The definition of a China syndrome is, “A hypothetical sequence of events following the meltdown of a nuclear reactor in which the core melts through its containment structure and deep into the earth; hypothetically to China.”
We think the movie is an appropriate analogy given last Friday’s Chinese induced “meltdown.” By now everybody knows Friday’s Flop” (-572 Dow points) was attributed to the president’s tweets about the potential for an additional $100 billion in tariffs to the already proposed $50 billion. That would bring the total amount up to $150 billion, to which China said, “We will fight back at any cost against U.S. trade tariffs.” In response to the first $50 billion in tariffs the Chinese made a proportional $50 billion in tariffs on U.S. “goods.” The fear on Friday was that China would make an equal proportional response to the $100 billion of potentially additional tariffs on U.S. goods, but here’s the problem. Last year we exported only ~$130 billion worth of goods to China, so their response cannot be proportional (Chart 1)! Granted, China could do other things.

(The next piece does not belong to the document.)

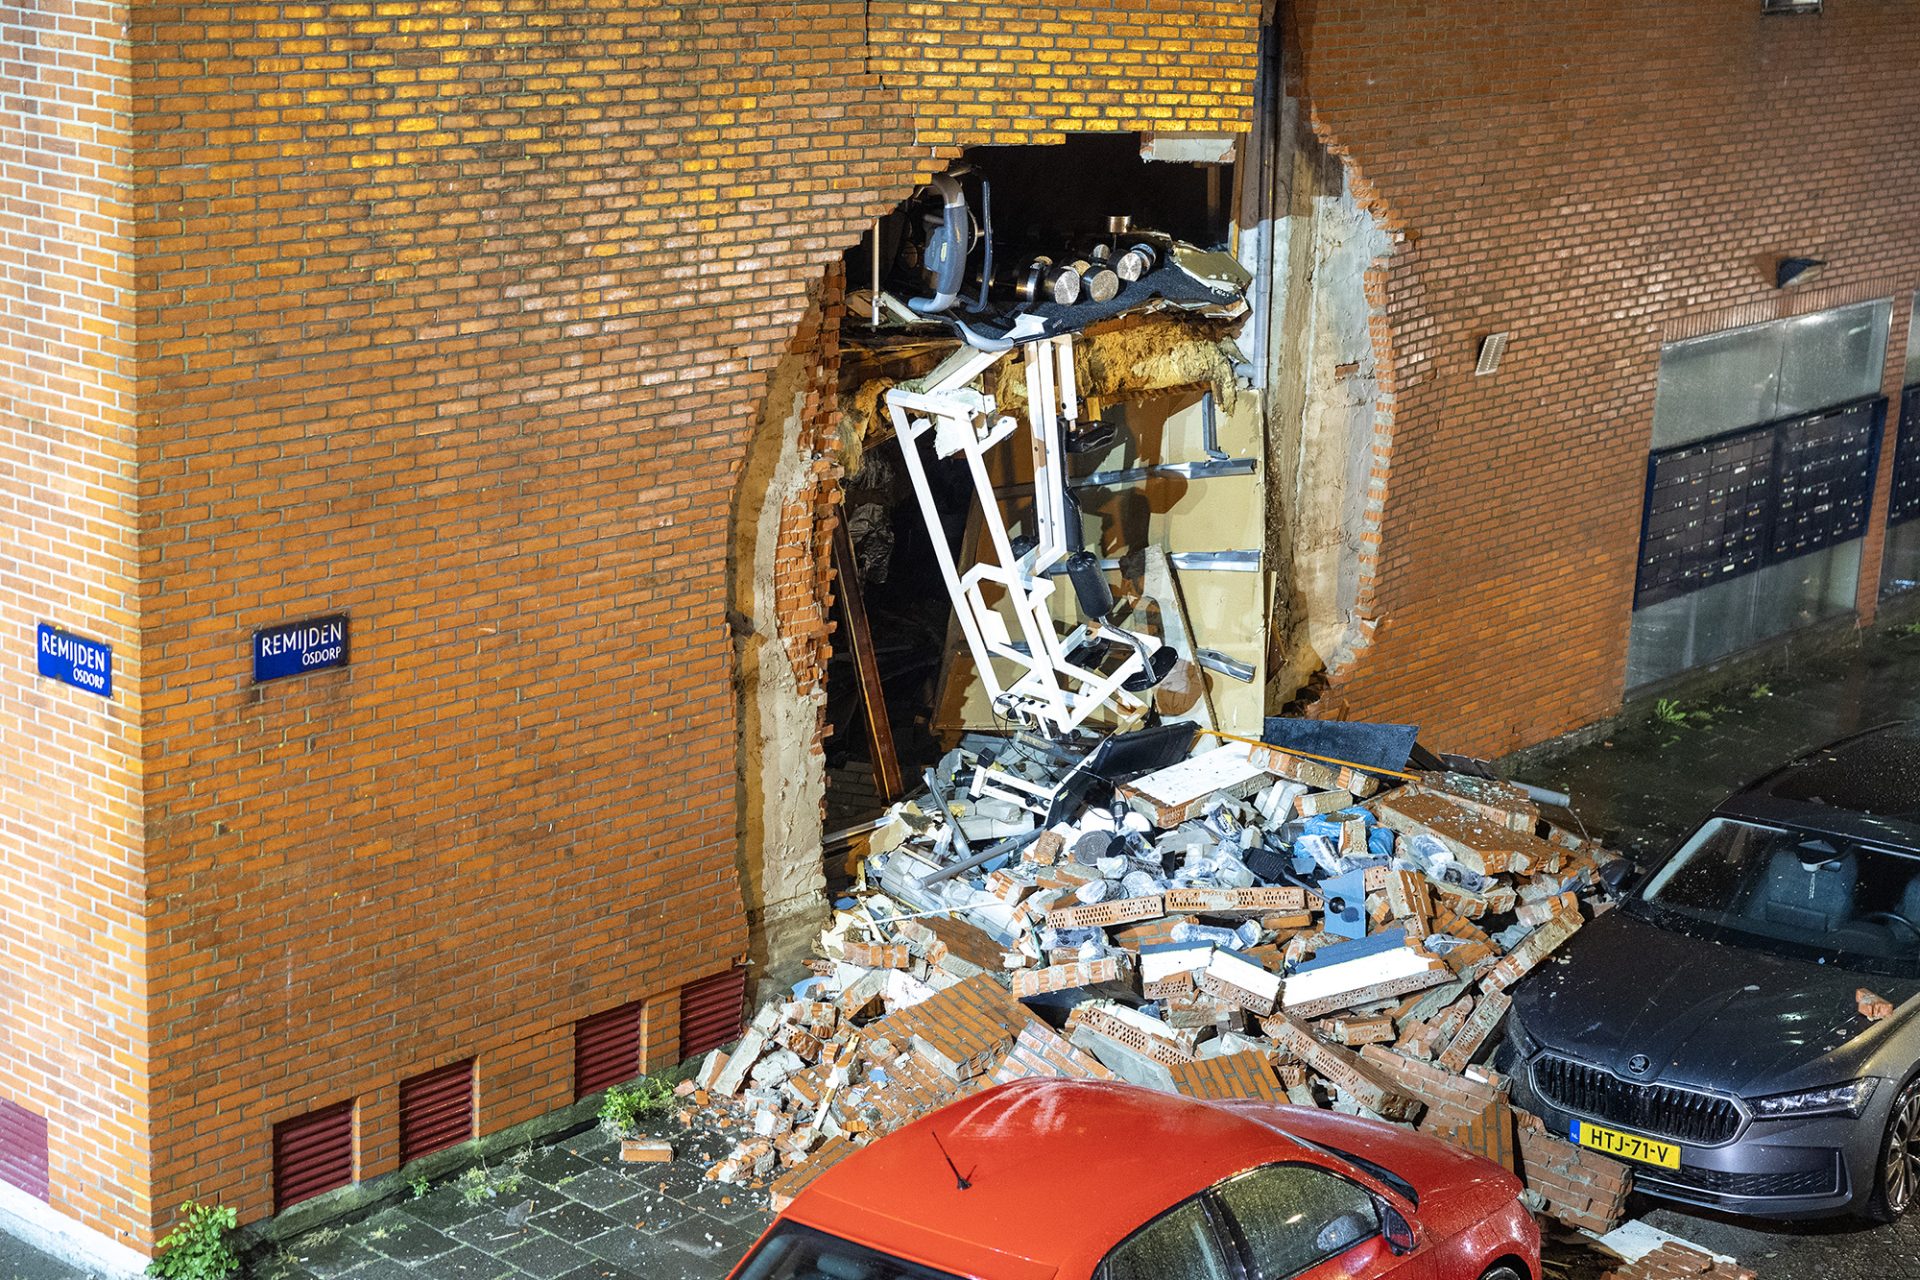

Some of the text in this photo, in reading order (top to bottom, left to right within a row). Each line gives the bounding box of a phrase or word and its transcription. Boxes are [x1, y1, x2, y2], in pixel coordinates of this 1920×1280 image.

As we stated weeks ago, they could cancel their orders for Boeing aircraft and switch to Airbus and still be in compliance with the World Trade Organization’s (WTO) rules. Or, they could begin to liquidate their $1+ trillion worth of U.S. fixed income, which they think would crater our bond market. However, the Federal Reserve could counter that move with emergency “open market” operations and soak up the selling. Indeed, if the Fed can buy $3+ trillion worth of Treasuries and mortgage bonds with QEs, it can certainly absorb any Chinese selling. Moreover, if China did manage to trigger a financial crisis, the blowback across the globe would be significant and deeply affect China itself. It would also violate China’s promise to “Protect the multilateral framework.” So, we think the markets overreacted on Friday, a view that will either be proven correct this week, or disproved.